Write out, as an exact transcription, the line that has "Some of the text" and each line after it through the end of the data below.
*** Opening of Records for this task ***
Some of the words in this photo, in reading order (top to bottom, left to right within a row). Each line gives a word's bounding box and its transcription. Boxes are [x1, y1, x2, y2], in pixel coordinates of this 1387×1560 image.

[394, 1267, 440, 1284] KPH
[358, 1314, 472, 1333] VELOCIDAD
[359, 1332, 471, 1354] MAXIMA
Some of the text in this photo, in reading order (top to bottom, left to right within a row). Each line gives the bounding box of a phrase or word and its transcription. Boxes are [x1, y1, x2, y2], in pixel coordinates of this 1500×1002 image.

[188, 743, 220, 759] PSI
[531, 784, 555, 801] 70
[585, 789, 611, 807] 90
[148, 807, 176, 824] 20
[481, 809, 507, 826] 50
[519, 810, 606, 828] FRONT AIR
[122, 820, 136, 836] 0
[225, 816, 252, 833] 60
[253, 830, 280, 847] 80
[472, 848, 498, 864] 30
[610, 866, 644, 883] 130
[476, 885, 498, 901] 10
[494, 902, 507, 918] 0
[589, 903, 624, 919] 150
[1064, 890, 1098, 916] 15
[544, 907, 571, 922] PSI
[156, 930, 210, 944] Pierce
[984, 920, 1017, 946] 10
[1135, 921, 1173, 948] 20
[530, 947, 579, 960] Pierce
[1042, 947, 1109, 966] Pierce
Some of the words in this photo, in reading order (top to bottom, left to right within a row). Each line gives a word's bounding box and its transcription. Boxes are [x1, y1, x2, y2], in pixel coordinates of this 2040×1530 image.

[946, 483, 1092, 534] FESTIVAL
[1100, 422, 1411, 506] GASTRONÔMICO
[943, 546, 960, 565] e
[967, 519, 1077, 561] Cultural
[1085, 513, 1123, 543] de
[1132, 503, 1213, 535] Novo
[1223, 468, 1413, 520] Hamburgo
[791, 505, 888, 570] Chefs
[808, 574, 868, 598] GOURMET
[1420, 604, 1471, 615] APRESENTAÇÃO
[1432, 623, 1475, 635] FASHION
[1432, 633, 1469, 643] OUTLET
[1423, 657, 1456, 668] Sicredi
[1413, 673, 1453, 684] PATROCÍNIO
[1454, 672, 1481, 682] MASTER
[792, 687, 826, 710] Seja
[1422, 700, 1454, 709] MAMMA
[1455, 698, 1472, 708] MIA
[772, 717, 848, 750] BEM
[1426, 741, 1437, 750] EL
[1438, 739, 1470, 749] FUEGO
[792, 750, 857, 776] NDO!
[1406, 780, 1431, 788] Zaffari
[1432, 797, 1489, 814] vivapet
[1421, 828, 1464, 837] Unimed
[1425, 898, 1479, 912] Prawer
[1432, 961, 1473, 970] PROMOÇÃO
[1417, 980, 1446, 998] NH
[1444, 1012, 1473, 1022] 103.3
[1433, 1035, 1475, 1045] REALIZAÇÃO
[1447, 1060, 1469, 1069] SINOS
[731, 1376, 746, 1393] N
*** Close of Records for this task ***
Reply to the task:
Some of the text in this photo, in reading order (top to bottom, left to right within a row). Each line gives the bounding box of a phrase or word and its transcription. Boxes are [x1, y1, x2, y2], in pixel coordinates of this 1500×1002 image.

[188, 743, 220, 759] PSI
[531, 784, 555, 801] 70
[585, 789, 611, 807] 90
[148, 807, 176, 824] 20
[481, 809, 507, 826] 50
[519, 810, 606, 828] FRONT AIR
[122, 820, 136, 836] 0
[225, 816, 252, 833] 60
[253, 830, 280, 847] 80
[472, 848, 498, 864] 30
[610, 866, 644, 883] 130
[476, 885, 498, 901] 10
[494, 902, 507, 918] 0
[589, 903, 624, 919] 150
[1064, 890, 1098, 916] 15
[544, 907, 571, 922] PSI
[156, 930, 210, 944] Pierce
[984, 920, 1017, 946] 10
[1135, 921, 1173, 948] 20
[530, 947, 579, 960] Pierce
[1042, 947, 1109, 966] Pierce
Some of the words in this photo, in reading order (top to bottom, left to right within a row). Each line gives a word's bounding box and its transcription. Boxes are [x1, y1, x2, y2], in pixel coordinates of this 2040×1530 image.

[946, 483, 1092, 534] FESTIVAL
[1100, 422, 1411, 506] GASTRONÔMICO
[943, 546, 960, 565] e
[967, 519, 1077, 561] Cultural
[1085, 513, 1123, 543] de
[1132, 503, 1213, 535] Novo
[1223, 468, 1413, 520] Hamburgo
[791, 505, 888, 570] Chefs
[808, 574, 868, 598] GOURMET
[1420, 604, 1471, 615] APRESENTAÇÃO
[1432, 623, 1475, 635] FASHION
[1432, 633, 1469, 643] OUTLET
[1423, 657, 1456, 668] Sicredi
[1413, 673, 1453, 684] PATROCÍNIO
[1454, 672, 1481, 682] MASTER
[792, 687, 826, 710] Seja
[1422, 700, 1454, 709] MAMMA
[1455, 698, 1472, 708] MIA
[772, 717, 848, 750] BEM
[1426, 741, 1437, 750] EL
[1438, 739, 1470, 749] FUEGO
[792, 750, 857, 776] NDO!
[1406, 780, 1431, 788] Zaffari
[1432, 797, 1489, 814] vivapet
[1421, 828, 1464, 837] Unimed
[1425, 898, 1479, 912] Prawer
[1432, 961, 1473, 970] PROMOÇÃO
[1417, 980, 1446, 998] NH
[1444, 1012, 1473, 1022] 103.3
[1433, 1035, 1475, 1045] REALIZAÇÃO
[1447, 1060, 1469, 1069] SINOS
[731, 1376, 746, 1393] N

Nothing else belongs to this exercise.